The European Union (EU)’s foreign policy chief is scheduled to travel to Washington to hold talks with US officials about the implementation of a 2015 multilateral deal with Iran, among other issues.
The website of the European External Action Service (EEAS), the EU’s diplomatic service, reported on Friday that Federica Mogherini’s visit to Washington was slated for November 6 and 7.
She is expected to meet with US Vice President Mike Pence as well as with a number of senior members of the Senate and the House of Representatives, including the latter’s Speaker Paul Ryan.
Mogherini is also set to address the House of Representatives’ Republican Conference.
The EU’s top diplomat will discuss bilateral ties between the EU and the US as well as the latest developments on a number of foreign policy issues, including the situation on the Korean Peninsula and the implementation of the Iran deal, officially titled the Joint Comprehensive Plan of Action (JCPOA).
Iran’s partners under the deal are Russia, China, Germany, France, the United Kingdom, and the US.
Washington, under President Donald Trump, has at various times attempted to either scrap the deal or open renegotiations to change its terms. Those attempts have faced stiff opposition from all sides to the deal, including Europe, and most assertively by Mogherini.
On October 13, Trump, who took office one year after the JCPOA had come into force, refused to formally certify that the Islamic Republic was complying with the accord under a domestic US law and warned that he might ultimately “terminate” it.

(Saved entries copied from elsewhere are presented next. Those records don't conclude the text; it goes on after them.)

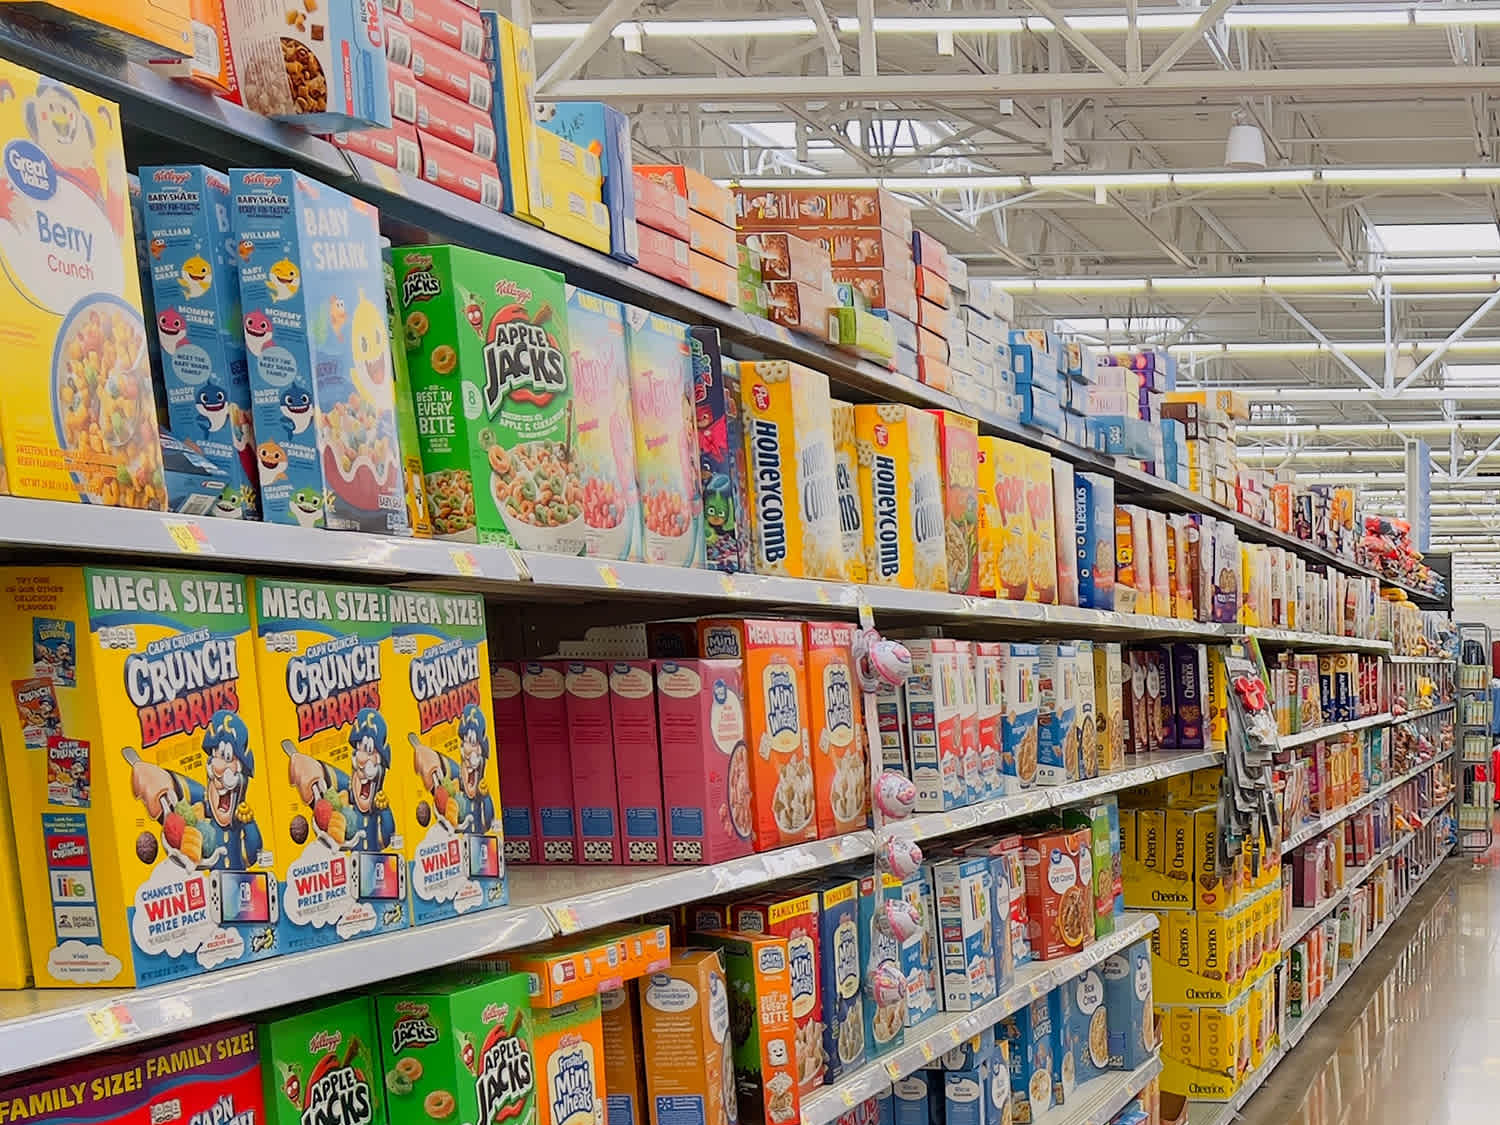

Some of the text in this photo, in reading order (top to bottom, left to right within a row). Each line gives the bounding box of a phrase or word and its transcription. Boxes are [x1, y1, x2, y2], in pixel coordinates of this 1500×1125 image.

[8, 149, 50, 180] Great
[20, 170, 50, 191] Value
[152, 227, 191, 238] WILLIAM
[241, 231, 280, 240] WILLIAM
[304, 208, 348, 237] BABY
[38, 211, 93, 263] Berry
[47, 254, 94, 282] Crunch
[312, 241, 369, 272] SHARK
[178, 305, 215, 317] MOMMY
[185, 315, 214, 326] SHARK
[265, 308, 302, 320] MOMMY
[272, 317, 301, 328] SHARK
[496, 323, 546, 348] APPLE
[485, 347, 565, 410] JACKS
[416, 391, 452, 403] BEST IN
[417, 402, 453, 416] EVERY
[419, 416, 455, 434] BITE
[92, 576, 178, 612] MEGA
[181, 580, 244, 614] SIZE!
[262, 586, 387, 622] MEGA SIZE!
[389, 596, 484, 627] MEGA SIZE!
[126, 640, 239, 707] CRUNCH
[289, 644, 381, 705] CRUNCH
[409, 645, 480, 701] CRUNCH
[298, 681, 380, 741] BERRIES
[418, 683, 480, 736] BERRIES
[770, 686, 794, 709] Mini
[140, 681, 239, 748] BERRIES
[421, 851, 449, 873] WIN
[1173, 828, 1185, 868] Cheerios
[292, 861, 329, 878] CHANCE TO
[423, 866, 461, 883] PRIZE PACK
[56, 876, 87, 898] life
[141, 882, 184, 900] CHANCE TO
[295, 874, 329, 897] WIN
[298, 886, 347, 907] PRIZE PACK
[1151, 890, 1188, 902] Cheerios
[144, 894, 185, 922] WIN
[148, 911, 207, 935] PRIZE PACK
[1179, 927, 1188, 967] Cheerios
[1206, 928, 1216, 967] Cheerios
[1186, 988, 1223, 1000] Cheerios
[146, 1033, 254, 1080] FAMILY SIZE!
[485, 1037, 520, 1075] APPLE
[311, 1067, 357, 1112] APPLE
[556, 1065, 590, 1096] Mini
[1189, 1082, 1224, 1094] Cheerios
[0, 1068, 142, 1124] FAMILY SIZE!
[555, 1091, 593, 1125] Wheats

Trump also said he was directing his administration “to work closely with Congress and our allies to address the deal’s many serious flaws.”
The US Congress now has until mid-December to decide whether to re-impose the economic sanctions on Tehran that were lifted under the agreement.
Shortly after Trump announced his decision on the Iran deal, Mogherini said it was “clearly not in the hands of any president of any country in the world to terminate an agreement of this sort.”
High Representative Mogherini has been very outspoken in her support of the deal. The EU coordinated the negotiations that lasted some 22 months and that culminated in the deal.
Soon after Trump kicked the decision on the Iran deal to the US Congress, Mogherini planned her trip to Washington to discuss the JCPOA, including to lobby with the members of Congress not to undermine the deal. On October 16, she said she would “be in Washington in early November” to urge US lawmakers not to pull out of the deal or undermine it.
Any re-imposition of nuclear-related sanctions on Iran would be a US breach of the deal and would complicate European business with the Islamic Republic.